• _REQUIREMENT_
Below are records that contain pictures; transcribe the text exactly and omit the pictures.

• _TASK DATA_

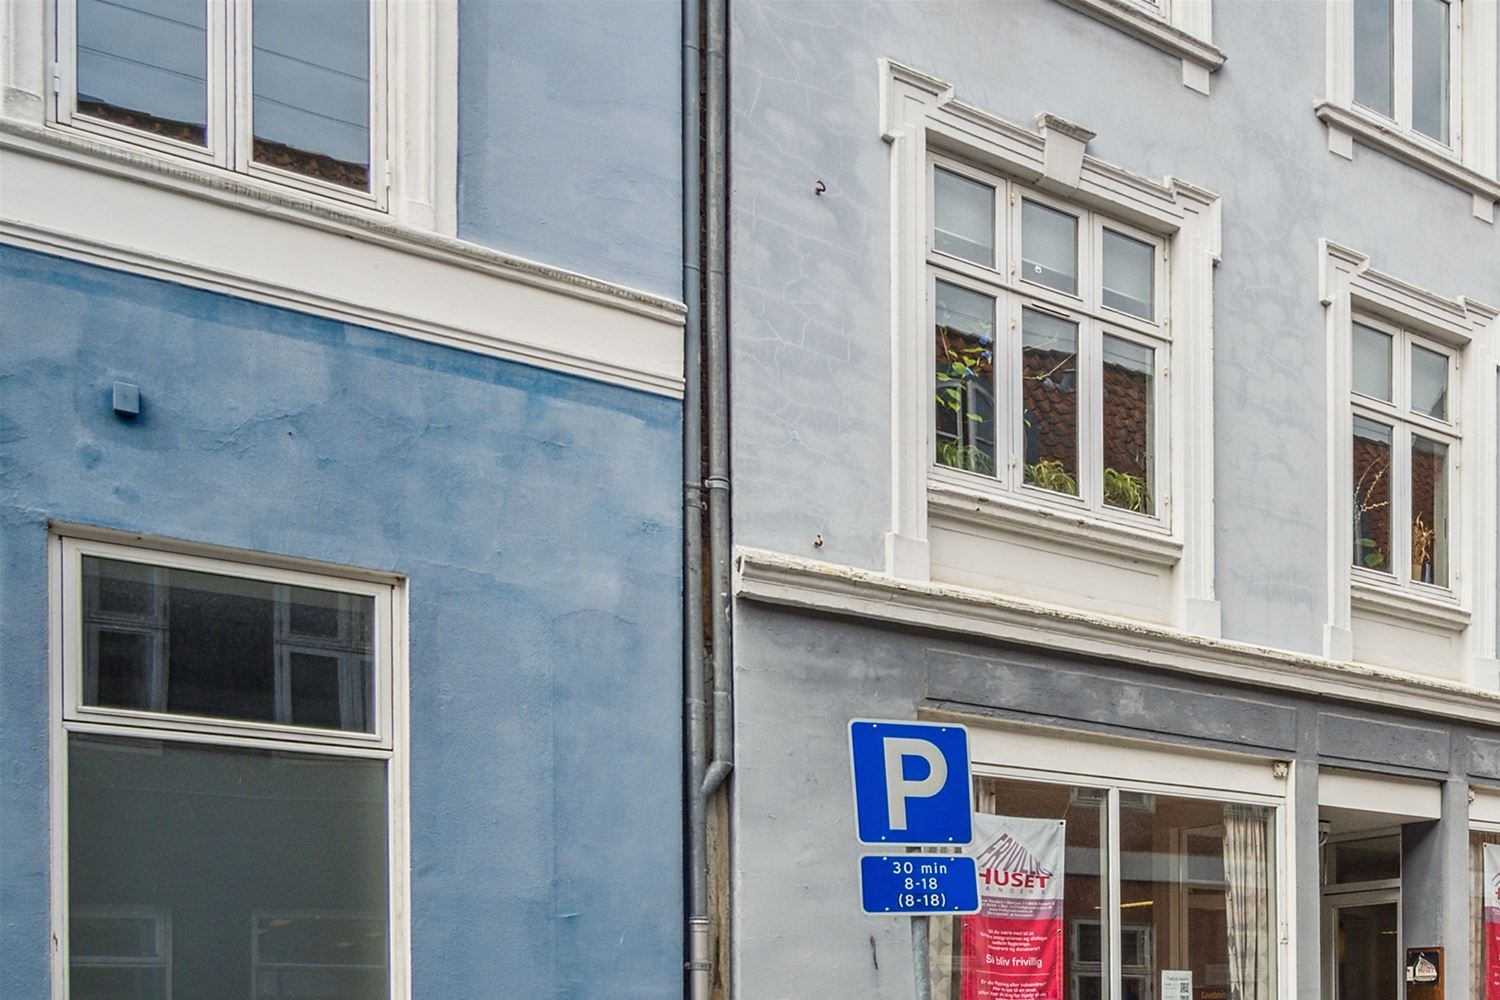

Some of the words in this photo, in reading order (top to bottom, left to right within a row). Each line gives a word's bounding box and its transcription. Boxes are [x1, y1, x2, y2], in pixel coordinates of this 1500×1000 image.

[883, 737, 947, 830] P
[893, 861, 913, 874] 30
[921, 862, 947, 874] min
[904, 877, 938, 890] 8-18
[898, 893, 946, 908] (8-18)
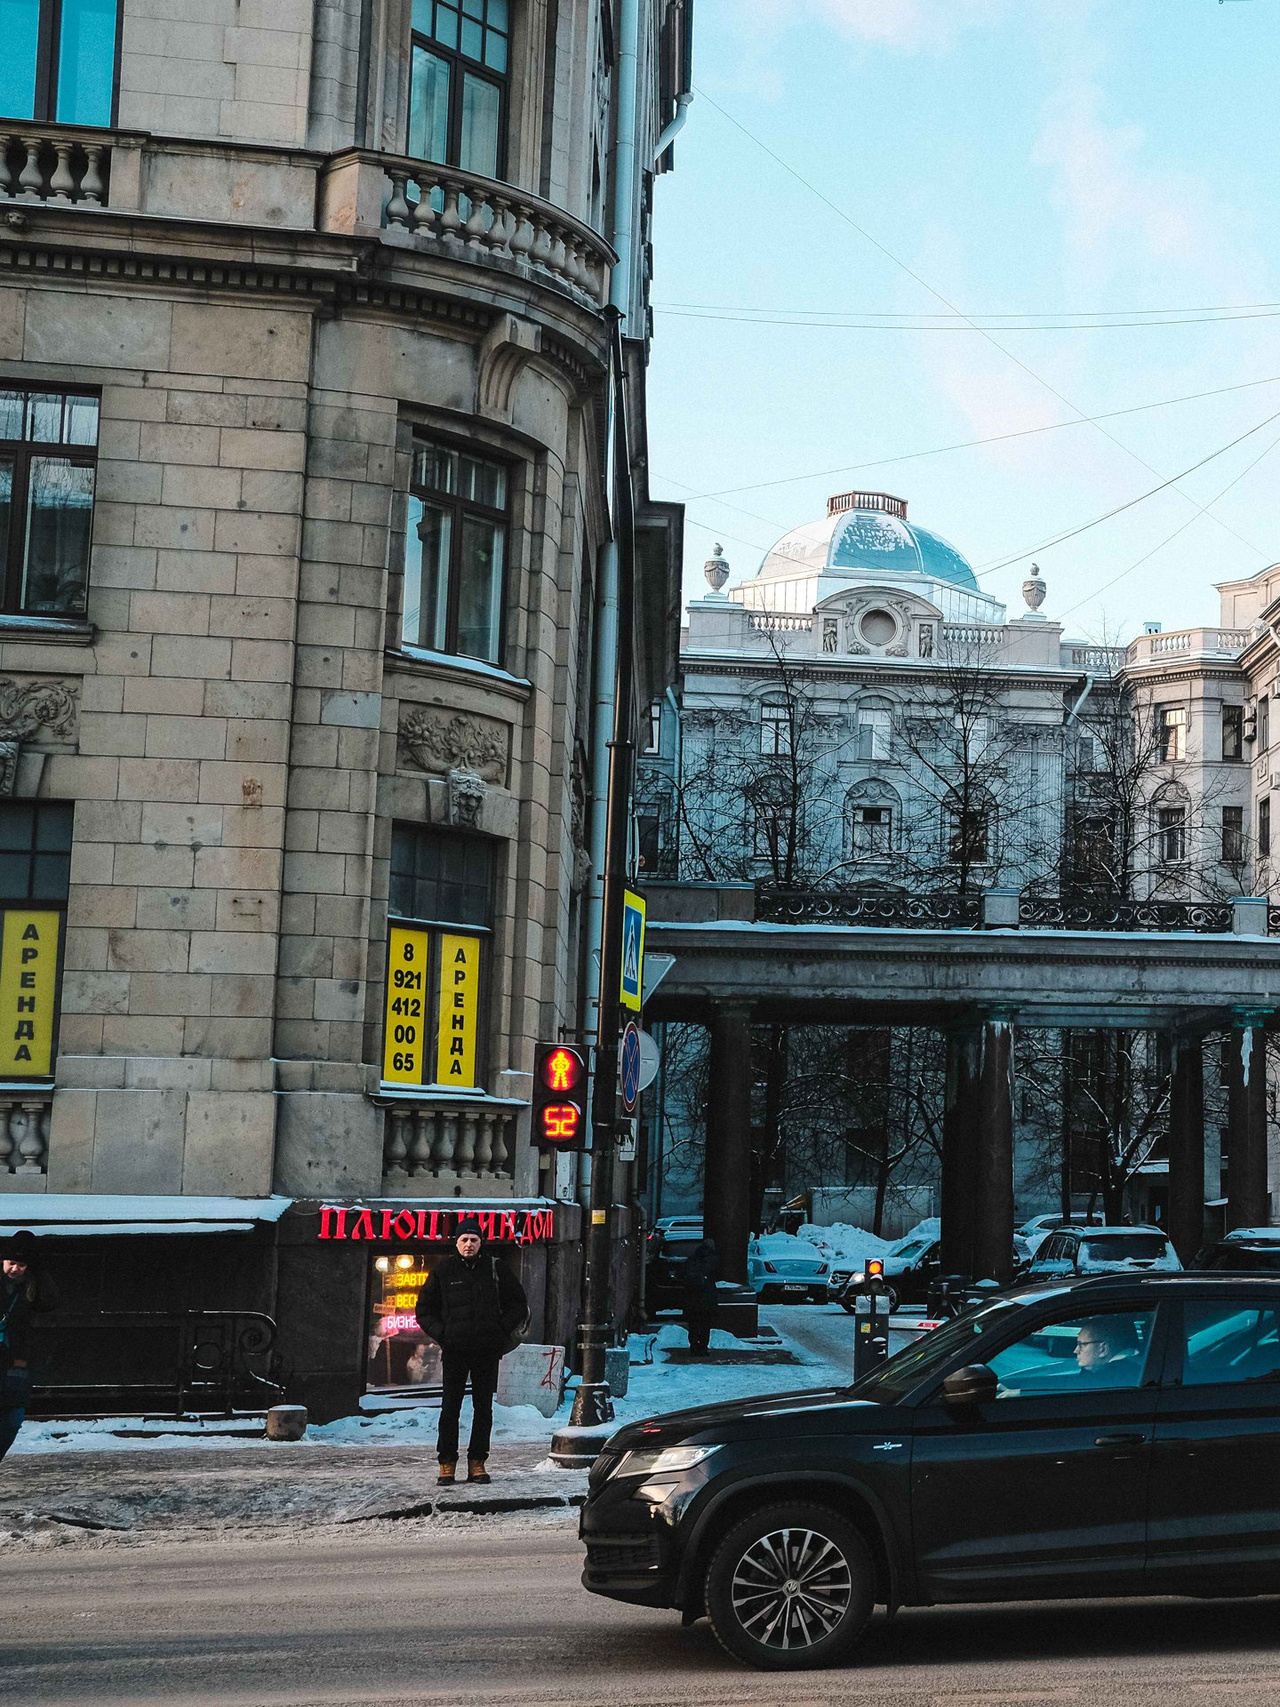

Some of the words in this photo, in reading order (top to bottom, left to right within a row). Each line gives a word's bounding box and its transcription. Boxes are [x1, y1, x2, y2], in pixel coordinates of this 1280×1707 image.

• _SOLUTION TO THIS PROBLEM_
Some of the words in this photo, in reading order (top to bottom, left to right within a row). Each line gives a word's bounding box and its transcription. Boxes are [x1, y1, x2, y2], in pixel coordinates of this 1500×1000 image.

[883, 737, 947, 830] P
[893, 861, 913, 874] 30
[921, 862, 947, 874] min
[904, 877, 938, 890] 8-18
[898, 893, 946, 908] (8-18)

Some of the words in this photo, in reading order (top to bottom, left to right within a row). Each line gives a word's bounding box and its transcription. Boxes are [x1, y1, x2, y2], in pixel coordinates of this 1280×1707 image.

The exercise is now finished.